RISC-V is pretty interesting in this regard; it uses weak memory ordering by default, but a CPU that implements TSO can simply flag Ztso, and I believe that would be enough to get x86-like memory semantics.

IIRC, Apple M1 uses a similar technique to make sure Rosetta 2 can run translated x86 code without worrying about the memory model. However, M1's implementation can be switched at runtime, while Ztso is not. On the other hand, Ztso is standardized while M1's TSO is not.

Also, the text for Ztso mentions that SPARC uses TSO, just like x86. ARM however is indeed more relaxed.


That’s fascinating about the M1. In retrospect it seems like kind of a no-brainer but I doubt I would have thought of it.

SPARC had different memory models at different ISA revs IIRC: it’s been like 20 years since I was dealing with SPARC so I might be misremembering the details. Alpha would have been a better example.

RISC-V is really interesting. I’ve been slowly working through this: https://github.com/standardsemiconductor/lion, highly recommend!


> Combine that with how cheap `std::mutex` is on most platforms and it's just really a last resort, at least on server-class gear.

Mere 10-20M std::mutex operations per second can bring a server to a total halt. CPU interconnects and CPU internal core-to-core buses are quickly saturated by required synchronization traffic.

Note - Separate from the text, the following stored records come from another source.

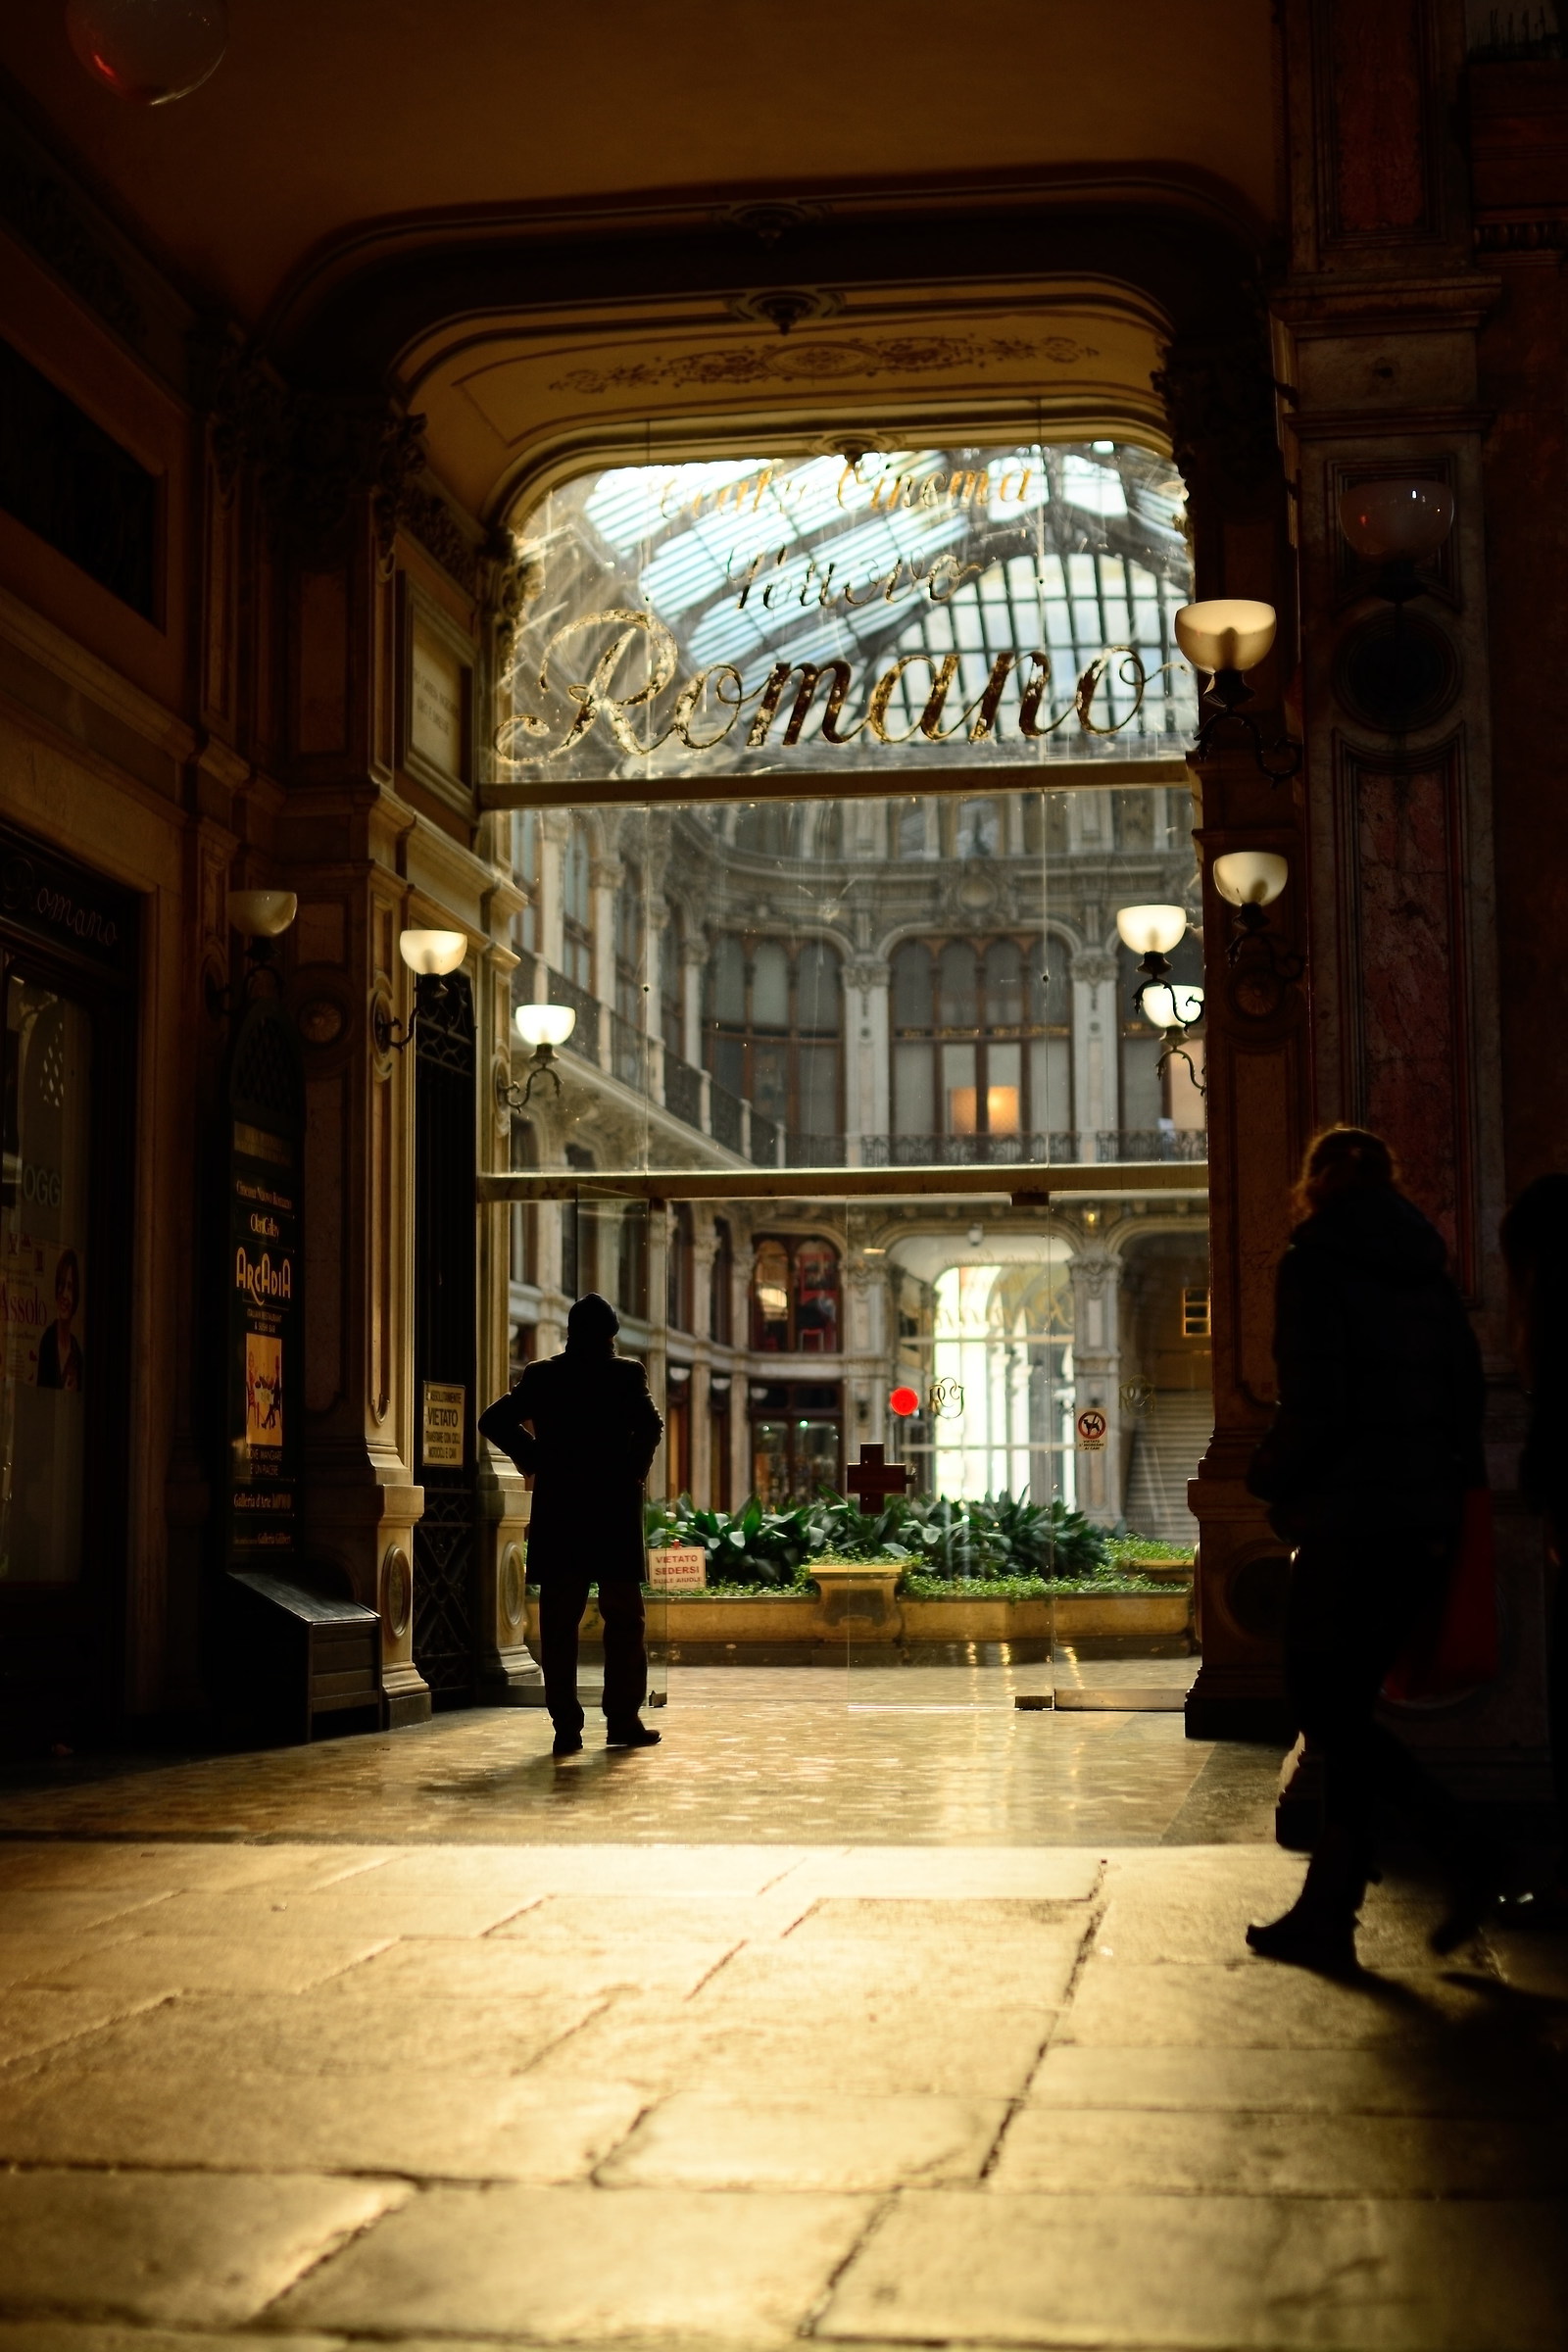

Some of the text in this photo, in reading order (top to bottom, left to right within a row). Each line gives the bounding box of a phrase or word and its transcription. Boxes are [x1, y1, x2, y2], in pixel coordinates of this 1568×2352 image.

[837, 452, 1035, 512] Cinema
[493, 609, 1188, 764] Romano
[1, 856, 119, 948] Romano
[427, 1406, 459, 1428] VIETATO
[655, 1565, 700, 1576] SEDERSI
[656, 1554, 698, 1564] VIETATO

So I wouldn't call it a particularly cheap operation. In fact, I can't think of many more expensive operations a CPU could perform. I guess just page walks and interrupts might qualify.


The dominant term in the type of scenario you're describing is contention, not mutexes. I forget how big they're making Zen3 EPYCs right now, I think you can get like 64-128 physical cores. I can walk all over 128 different mutexes on each of those 128 cores for less than the cost of an L3 hit on that same EPYC box [1].

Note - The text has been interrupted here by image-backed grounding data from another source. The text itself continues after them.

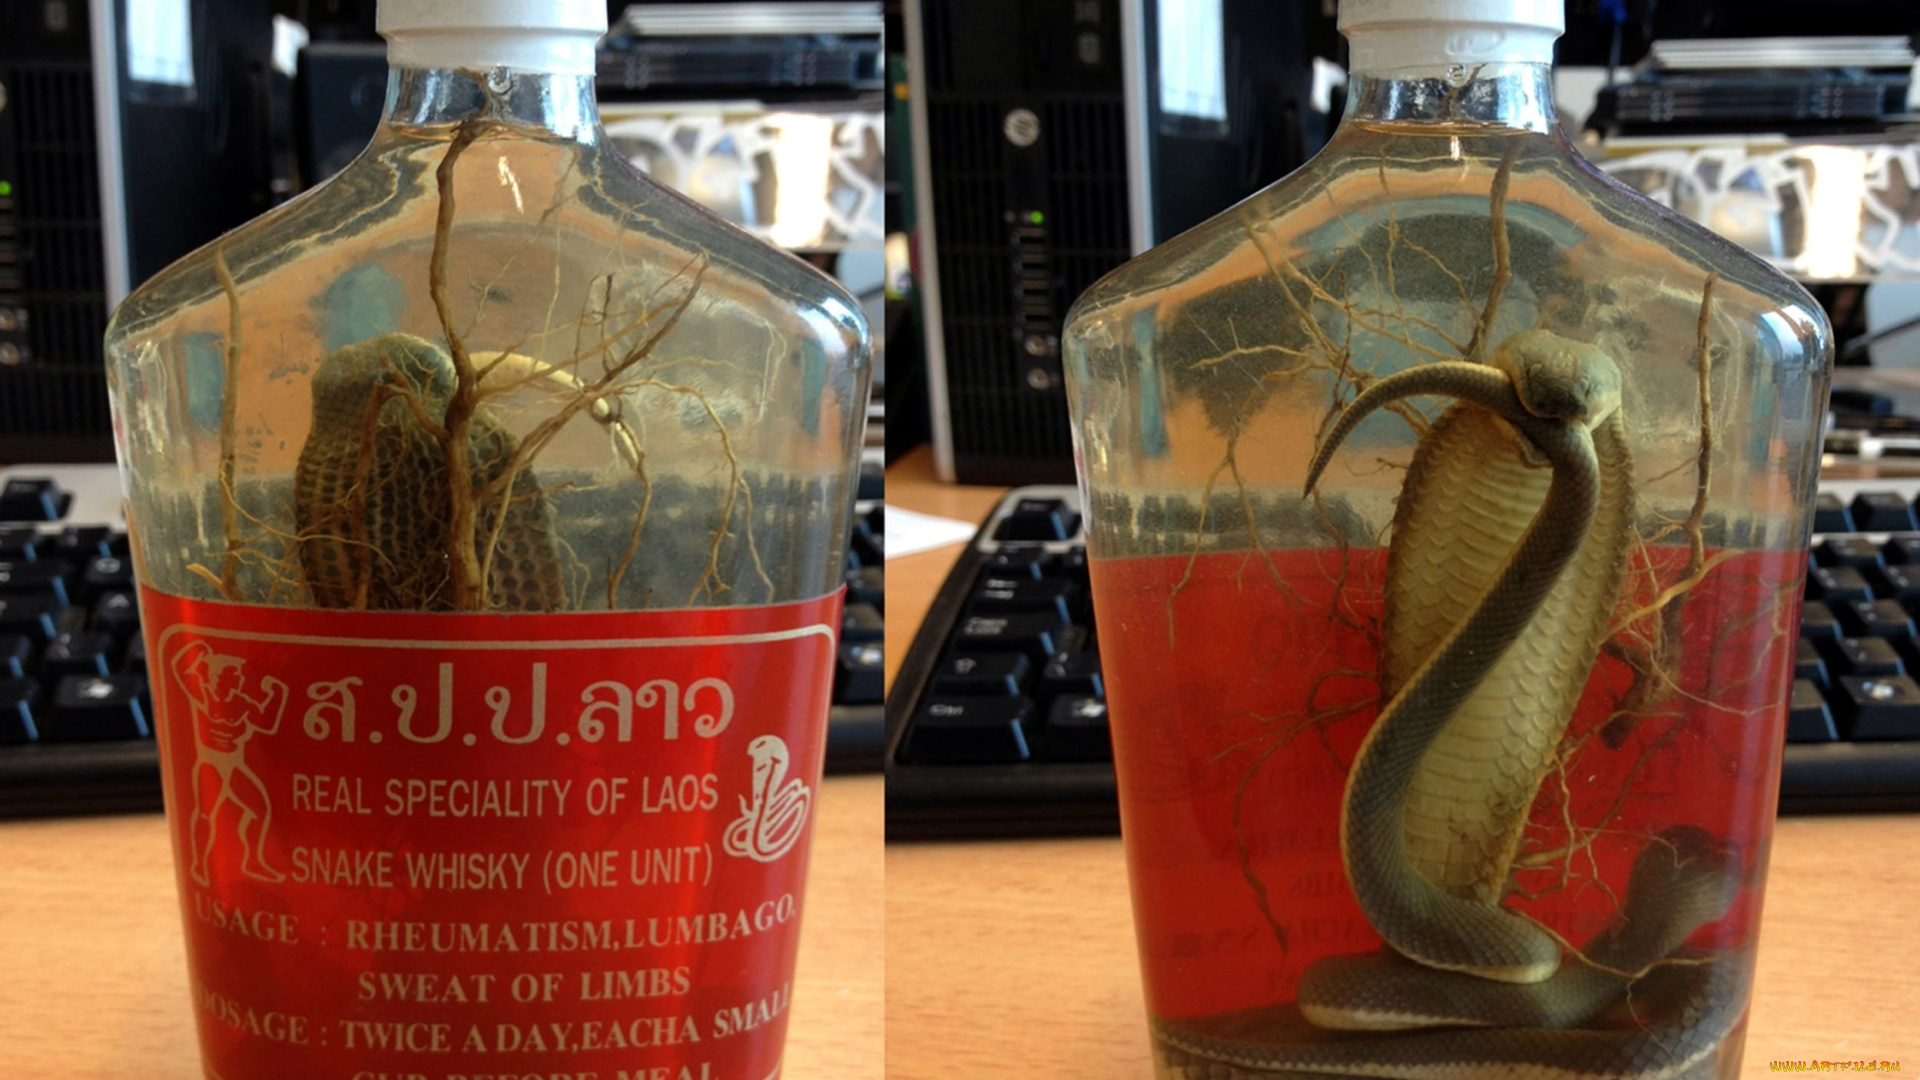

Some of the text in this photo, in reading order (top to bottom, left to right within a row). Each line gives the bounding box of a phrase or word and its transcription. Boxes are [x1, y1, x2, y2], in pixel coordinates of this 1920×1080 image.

[292, 773, 719, 817] REAL SPECIALITY OF LAOS
[291, 843, 713, 895] SNAKE WHISKY (ONE UNIT)
[195, 891, 300, 945] USAGE
[358, 966, 690, 1003] SWEAT OF LIMBS
[339, 1020, 451, 1053] TWICE
[462, 1023, 488, 1053] A
[712, 981, 791, 1040] SMALL

If I fuck up the affinity and they're all banging on one data structure? Yeah, it can jam the whole machine. This is why people who write good logging libraries are always playing games with buffering in thread-local storage and stuff. And sometimes you do need a bunch of producer threads dumping into a queue that simply can't be striped by anything (it's somewhat rare but it happens): in which case you want `folly::MPMCQueue` (or whatever Intel TBB calls their version of that) which Nathan Bronson was kind enough to get right so that other people don't have to end up with something both slow and wrong.

A truly novel lock-free data structure that advances the SOTA in production software is a masters thesis, not a blog post.

[1] This is a bit dated but it's good enough for eyeball work: https://gist.github.com/jboner/2841832.


Uncontended mutex operations are cheap and do not require core-core communication.

Contended operations are expensive, whether they are mutex acquisitions, atomic RMW or plain writes.


Ah I missed your comment when writing my sibling. Your comment is much more succinct while making the point at least as well if not better.


This is grossfully incorrect. Using sequential consistency on x86 does require extra expensive fence instructions.

What's free on x86 is acquire/release.


You're going to eat some cost on any speculative/out-of-order chip to get loads and stores ordered bidirectionally relative to getting it down to the `MFENCE` or whatever by hand, though a great deal less than not having a speculative execution pipeline.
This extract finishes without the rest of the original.